PROBLEM TO WORK ON:
Every line from the one with "this 1250×1667 image." through the end of the records below should be restated word for word, and nothing outside that span.

SUPPLIED RECORDS:
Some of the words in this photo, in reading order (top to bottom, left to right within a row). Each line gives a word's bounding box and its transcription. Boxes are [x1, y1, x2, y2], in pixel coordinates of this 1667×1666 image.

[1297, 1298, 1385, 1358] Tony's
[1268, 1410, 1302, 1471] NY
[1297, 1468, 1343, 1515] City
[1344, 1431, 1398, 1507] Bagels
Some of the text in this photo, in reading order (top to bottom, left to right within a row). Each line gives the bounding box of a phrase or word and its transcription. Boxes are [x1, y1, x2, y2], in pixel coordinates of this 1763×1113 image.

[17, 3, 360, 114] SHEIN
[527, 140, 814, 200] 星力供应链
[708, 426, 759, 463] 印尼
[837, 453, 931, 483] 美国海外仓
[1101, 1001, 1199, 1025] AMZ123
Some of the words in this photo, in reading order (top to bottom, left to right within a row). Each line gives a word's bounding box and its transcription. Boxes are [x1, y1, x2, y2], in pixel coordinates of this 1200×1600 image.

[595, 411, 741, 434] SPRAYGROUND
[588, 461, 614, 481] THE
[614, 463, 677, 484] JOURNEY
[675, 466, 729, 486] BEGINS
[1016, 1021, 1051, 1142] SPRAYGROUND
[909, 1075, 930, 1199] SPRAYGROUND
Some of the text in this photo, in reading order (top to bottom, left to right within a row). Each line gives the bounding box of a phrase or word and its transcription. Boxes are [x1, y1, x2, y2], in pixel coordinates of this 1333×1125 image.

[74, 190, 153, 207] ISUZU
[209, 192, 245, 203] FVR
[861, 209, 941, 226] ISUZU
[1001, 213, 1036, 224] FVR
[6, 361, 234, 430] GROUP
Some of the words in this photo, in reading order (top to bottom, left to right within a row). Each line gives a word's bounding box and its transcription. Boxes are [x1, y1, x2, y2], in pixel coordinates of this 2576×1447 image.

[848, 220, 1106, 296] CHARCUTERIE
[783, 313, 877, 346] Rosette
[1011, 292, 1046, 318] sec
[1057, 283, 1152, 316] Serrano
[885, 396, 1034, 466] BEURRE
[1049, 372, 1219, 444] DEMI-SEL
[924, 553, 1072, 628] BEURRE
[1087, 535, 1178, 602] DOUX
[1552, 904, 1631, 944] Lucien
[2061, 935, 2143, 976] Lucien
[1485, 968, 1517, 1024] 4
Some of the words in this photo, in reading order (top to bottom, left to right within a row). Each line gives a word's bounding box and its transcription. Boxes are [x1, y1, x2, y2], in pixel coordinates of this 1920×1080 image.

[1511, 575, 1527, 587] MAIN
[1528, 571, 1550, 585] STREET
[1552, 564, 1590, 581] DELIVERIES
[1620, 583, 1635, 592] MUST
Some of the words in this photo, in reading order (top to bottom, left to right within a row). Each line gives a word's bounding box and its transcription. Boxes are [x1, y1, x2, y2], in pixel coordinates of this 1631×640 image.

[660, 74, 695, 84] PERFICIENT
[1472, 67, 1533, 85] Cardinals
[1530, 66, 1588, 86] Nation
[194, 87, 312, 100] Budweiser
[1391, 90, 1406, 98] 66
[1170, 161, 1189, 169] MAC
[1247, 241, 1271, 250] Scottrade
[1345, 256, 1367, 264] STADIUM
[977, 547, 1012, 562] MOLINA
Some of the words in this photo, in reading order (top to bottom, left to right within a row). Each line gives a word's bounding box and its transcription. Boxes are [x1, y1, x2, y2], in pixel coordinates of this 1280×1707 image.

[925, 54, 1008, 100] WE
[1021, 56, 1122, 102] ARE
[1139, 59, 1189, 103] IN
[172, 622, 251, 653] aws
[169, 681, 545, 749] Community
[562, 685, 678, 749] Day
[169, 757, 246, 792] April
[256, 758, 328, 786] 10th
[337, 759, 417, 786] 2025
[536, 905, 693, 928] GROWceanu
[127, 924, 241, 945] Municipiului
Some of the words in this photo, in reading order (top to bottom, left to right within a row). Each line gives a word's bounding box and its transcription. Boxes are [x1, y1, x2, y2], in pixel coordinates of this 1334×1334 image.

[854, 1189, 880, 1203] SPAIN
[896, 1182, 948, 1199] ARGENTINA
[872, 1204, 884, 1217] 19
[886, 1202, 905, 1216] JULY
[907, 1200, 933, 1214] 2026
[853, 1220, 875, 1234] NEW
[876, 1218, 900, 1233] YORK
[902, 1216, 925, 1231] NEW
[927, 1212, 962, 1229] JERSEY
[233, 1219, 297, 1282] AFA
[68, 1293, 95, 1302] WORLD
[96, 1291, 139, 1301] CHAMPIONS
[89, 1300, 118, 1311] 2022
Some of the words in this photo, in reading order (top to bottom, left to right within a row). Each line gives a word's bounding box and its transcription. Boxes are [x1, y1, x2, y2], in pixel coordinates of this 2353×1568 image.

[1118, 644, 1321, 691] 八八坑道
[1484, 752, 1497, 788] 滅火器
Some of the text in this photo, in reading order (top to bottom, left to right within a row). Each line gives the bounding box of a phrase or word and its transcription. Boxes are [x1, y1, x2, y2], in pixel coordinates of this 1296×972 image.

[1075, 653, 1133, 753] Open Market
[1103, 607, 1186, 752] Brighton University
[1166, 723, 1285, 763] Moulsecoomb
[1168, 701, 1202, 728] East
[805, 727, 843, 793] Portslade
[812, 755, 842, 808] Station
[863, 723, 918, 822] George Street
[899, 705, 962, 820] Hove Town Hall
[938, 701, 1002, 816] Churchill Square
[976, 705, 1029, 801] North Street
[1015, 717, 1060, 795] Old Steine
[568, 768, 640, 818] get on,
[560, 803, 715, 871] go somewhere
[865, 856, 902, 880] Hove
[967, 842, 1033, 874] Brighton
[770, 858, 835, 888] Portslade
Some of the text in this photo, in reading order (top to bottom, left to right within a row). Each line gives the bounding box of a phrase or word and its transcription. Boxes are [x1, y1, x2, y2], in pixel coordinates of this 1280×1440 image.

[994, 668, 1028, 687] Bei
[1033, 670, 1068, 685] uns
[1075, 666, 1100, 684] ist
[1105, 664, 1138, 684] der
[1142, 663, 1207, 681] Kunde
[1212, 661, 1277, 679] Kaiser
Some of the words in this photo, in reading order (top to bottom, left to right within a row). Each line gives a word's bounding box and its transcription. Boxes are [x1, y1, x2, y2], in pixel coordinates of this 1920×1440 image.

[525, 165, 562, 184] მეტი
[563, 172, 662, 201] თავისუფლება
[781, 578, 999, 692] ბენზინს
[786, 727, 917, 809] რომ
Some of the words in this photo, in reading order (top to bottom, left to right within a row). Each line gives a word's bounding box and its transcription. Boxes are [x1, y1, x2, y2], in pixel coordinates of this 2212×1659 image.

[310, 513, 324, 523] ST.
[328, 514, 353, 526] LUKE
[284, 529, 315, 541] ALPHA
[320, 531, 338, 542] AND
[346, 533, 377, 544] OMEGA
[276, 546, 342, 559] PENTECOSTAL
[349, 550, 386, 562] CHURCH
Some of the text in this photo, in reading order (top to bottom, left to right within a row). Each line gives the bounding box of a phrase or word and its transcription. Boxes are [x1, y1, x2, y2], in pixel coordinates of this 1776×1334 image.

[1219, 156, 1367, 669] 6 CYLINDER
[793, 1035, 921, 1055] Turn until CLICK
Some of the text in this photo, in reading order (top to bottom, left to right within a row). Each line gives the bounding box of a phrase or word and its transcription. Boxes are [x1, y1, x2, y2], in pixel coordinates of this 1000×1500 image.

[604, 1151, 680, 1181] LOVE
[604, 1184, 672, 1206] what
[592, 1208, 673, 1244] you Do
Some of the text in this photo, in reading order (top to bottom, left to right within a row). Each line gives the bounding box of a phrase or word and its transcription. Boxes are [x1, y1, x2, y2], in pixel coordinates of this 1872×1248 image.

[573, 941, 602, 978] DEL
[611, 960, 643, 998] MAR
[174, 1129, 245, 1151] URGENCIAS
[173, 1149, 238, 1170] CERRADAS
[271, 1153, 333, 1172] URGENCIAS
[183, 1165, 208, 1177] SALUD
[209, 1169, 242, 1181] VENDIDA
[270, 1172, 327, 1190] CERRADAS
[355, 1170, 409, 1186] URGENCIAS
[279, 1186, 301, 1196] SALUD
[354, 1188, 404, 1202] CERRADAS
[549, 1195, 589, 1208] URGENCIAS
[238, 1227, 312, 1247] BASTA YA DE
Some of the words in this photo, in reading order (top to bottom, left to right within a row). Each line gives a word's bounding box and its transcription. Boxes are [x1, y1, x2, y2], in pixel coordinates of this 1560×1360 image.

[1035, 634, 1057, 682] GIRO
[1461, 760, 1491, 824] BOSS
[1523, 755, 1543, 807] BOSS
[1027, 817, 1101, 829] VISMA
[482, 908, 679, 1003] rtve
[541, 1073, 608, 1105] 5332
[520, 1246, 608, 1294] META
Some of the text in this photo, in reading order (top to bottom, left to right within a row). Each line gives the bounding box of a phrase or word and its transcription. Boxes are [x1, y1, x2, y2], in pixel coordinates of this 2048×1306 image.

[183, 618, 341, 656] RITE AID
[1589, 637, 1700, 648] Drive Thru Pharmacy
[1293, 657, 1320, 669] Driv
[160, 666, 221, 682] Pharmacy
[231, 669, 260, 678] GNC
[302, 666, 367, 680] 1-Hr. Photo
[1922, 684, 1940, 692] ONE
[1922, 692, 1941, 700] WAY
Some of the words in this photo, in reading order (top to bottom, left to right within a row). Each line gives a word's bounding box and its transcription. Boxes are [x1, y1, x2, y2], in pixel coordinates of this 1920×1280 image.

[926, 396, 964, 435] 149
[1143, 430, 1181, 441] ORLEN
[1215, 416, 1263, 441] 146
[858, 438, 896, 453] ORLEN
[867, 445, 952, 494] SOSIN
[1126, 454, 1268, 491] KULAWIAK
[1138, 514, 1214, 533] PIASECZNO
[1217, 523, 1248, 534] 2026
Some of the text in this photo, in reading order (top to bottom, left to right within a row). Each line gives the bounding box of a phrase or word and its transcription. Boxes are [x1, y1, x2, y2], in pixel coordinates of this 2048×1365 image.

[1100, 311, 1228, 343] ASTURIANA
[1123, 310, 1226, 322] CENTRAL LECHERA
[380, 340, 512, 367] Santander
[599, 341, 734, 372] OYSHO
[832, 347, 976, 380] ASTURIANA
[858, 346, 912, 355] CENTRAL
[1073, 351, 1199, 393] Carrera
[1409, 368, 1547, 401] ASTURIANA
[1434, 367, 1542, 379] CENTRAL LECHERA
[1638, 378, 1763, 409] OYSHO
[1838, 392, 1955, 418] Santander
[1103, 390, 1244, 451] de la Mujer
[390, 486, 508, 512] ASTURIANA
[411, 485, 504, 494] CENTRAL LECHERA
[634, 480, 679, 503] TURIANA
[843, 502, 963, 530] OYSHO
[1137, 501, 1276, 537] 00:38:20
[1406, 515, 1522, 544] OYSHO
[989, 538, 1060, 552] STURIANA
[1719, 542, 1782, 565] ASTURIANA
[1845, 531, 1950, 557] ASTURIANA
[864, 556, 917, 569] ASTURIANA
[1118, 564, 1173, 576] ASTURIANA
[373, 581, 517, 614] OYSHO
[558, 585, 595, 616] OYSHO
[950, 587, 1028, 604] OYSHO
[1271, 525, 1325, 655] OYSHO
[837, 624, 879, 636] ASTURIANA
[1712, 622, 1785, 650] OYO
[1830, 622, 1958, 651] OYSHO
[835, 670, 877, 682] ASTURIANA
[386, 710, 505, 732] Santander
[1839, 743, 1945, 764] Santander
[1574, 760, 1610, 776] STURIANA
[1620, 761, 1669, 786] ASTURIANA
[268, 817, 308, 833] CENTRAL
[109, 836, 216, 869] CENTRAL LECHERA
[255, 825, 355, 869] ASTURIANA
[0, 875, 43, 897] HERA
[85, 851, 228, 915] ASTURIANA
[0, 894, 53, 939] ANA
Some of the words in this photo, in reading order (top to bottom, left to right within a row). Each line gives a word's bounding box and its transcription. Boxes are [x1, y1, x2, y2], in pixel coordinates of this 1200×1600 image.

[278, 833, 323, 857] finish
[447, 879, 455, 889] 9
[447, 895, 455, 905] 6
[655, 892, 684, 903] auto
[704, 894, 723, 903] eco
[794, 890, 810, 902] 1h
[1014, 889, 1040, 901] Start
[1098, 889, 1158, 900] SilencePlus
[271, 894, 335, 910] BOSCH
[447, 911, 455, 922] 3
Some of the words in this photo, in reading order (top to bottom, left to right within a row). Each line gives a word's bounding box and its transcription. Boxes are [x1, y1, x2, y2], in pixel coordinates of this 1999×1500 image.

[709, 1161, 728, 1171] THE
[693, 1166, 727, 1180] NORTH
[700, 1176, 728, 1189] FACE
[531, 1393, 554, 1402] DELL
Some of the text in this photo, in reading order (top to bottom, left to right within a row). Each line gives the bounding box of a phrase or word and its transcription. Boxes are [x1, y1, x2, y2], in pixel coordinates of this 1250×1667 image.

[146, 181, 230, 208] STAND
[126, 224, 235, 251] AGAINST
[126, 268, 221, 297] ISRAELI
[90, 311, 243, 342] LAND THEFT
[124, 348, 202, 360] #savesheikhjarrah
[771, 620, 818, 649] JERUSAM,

RESULT OF THIS TASK:
Some of the text in this photo, in reading order (top to bottom, left to right within a row). Each line gives the bounding box of a phrase or word and its transcription. Boxes are [x1, y1, x2, y2], in pixel coordinates of this 1250×1667 image.

[146, 181, 230, 208] STAND
[126, 224, 235, 251] AGAINST
[126, 268, 221, 297] ISRAELI
[90, 311, 243, 342] LAND THEFT
[124, 348, 202, 360] #savesheikhjarrah
[771, 620, 818, 649] JERUSAM,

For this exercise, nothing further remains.